<< Click to Display Table of Contents >> Navigation: Case Studies - Application of PAI > Human Deep Nuclei Segmentation |
Accurate segmentation of sub-cortical brain regions (the deep nuclei - caudate, putamen, ventral striatum, thalamus, hippocampus, amygdala) from high resolution MR data such as 3D T1-weighted sequences (e.g. Siemens MPRAGE, GE FSPGR) is a requirement in the study of diseases such as Parkinson’s using imaging. The segmented VOIs may be used for volumetric analysis of MRI data in the input image space or also for PET/SPECT quantification.

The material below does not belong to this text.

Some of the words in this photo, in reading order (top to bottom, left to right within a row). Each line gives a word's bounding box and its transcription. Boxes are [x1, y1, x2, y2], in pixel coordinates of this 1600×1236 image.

Traditional methods of achieving this through spatial normalization to brain templates can fail or be inaccurate in some cases, particularly when there is pronounced brain atrophy. PMOD’s PNEURO Parcellation workflow is specifically designed to provide increased accuracy for deep nuclei segmentation but requires additional processing time compared to template-based normalization and can still struggle in cases with severe atrophy.

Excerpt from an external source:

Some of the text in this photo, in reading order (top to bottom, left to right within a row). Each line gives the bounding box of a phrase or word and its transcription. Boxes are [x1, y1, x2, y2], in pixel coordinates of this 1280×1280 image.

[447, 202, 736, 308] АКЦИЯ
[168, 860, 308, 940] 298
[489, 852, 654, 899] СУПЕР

We hypothesized that AI-based segmentation could be used as an alternative for cases with severe atrophy or where traditional methods struggled.

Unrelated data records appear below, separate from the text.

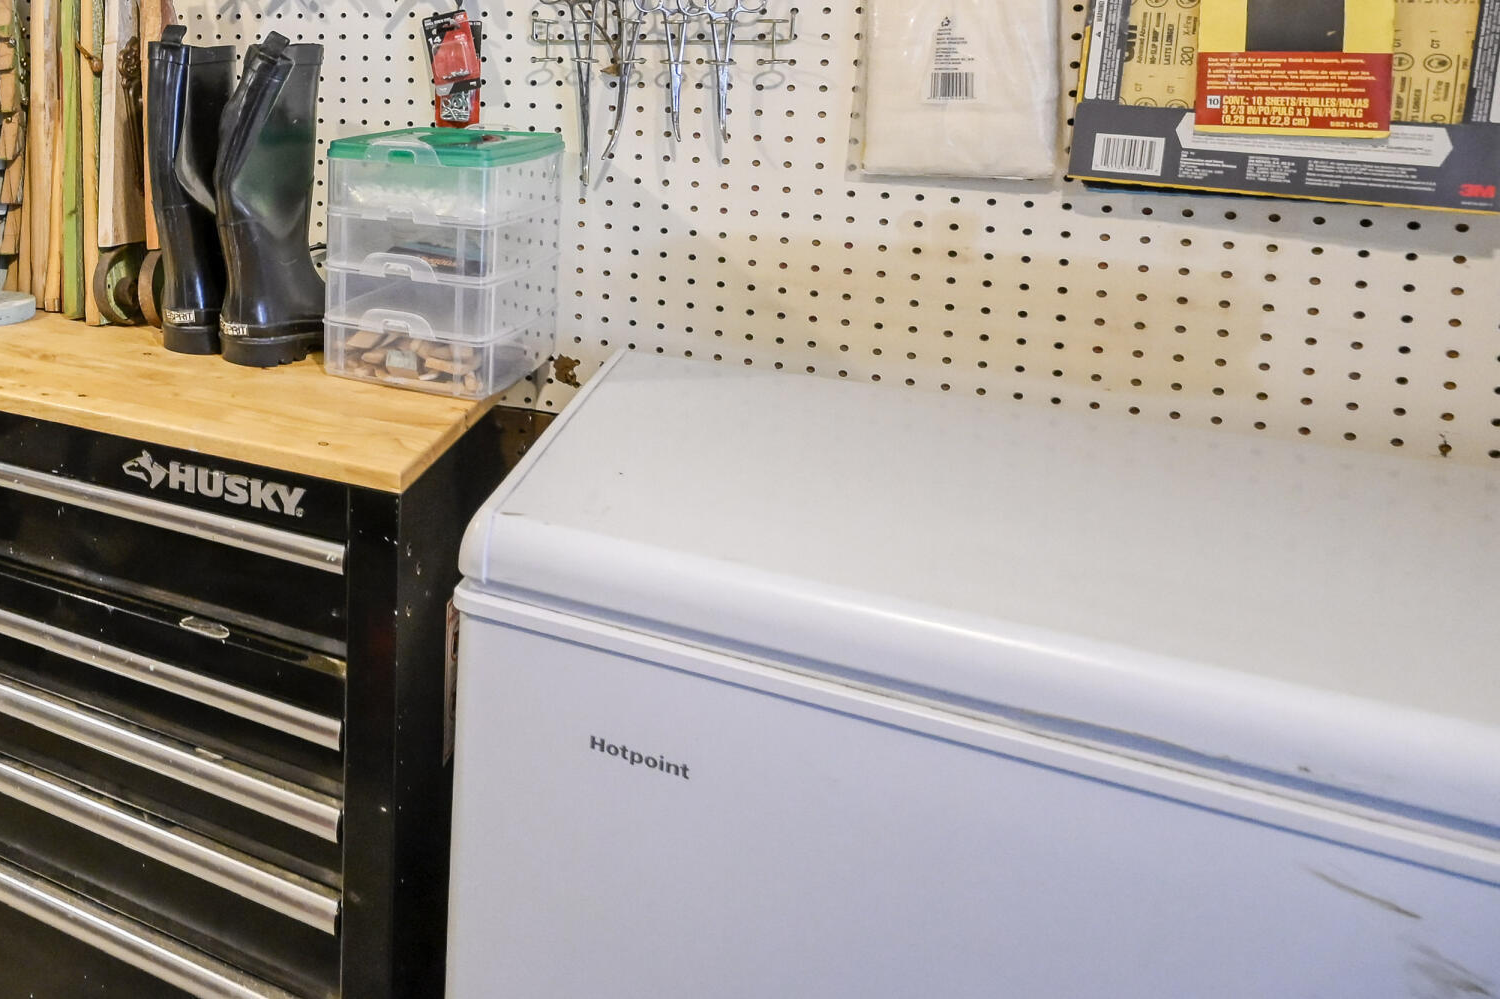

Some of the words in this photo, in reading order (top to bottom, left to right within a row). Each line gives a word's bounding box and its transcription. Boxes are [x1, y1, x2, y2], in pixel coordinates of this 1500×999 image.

[428, 35, 442, 45] 14
[1165, 24, 1175, 46] LONGER
[1430, 39, 1440, 49] CT
[1164, 47, 1173, 65] LASTS
[1181, 46, 1195, 66] 320
[1209, 98, 1219, 106] 10
[1252, 96, 1263, 106] 10
[1222, 105, 1228, 114] 3
[1247, 116, 1260, 124] cm
[1459, 183, 1496, 198] 3M
[590, 735, 690, 780] Hotpoint

To test this hypothesis we used data from the IXI database of 3D T1-weighted MR:
https://brain-development.org/ixi-dataset/
Example data to test the IXI Parcellation model is available in our Demo database (Subject PAI4). The data used for the case study was extracted from the IXI dataset: https://brain-development.org/ixi-dataset/
To try the model for yourself we recommend use of the Segment tool (PSEG). The PAI4 example has the required orientation and any new data used for testing should match this. Cropping is not strictly required but is recommended to reduce the field-of-view to the brain. The model selection is IXI Parcellation (Multichannel Segmentation). The model was trained with 3D data so Split Slices/Frames is not available/required. The data used in these cases was all T1-weighted 3D MR - the performance of the model may vary for data from different hardware and/or with different contrast/pre-processing.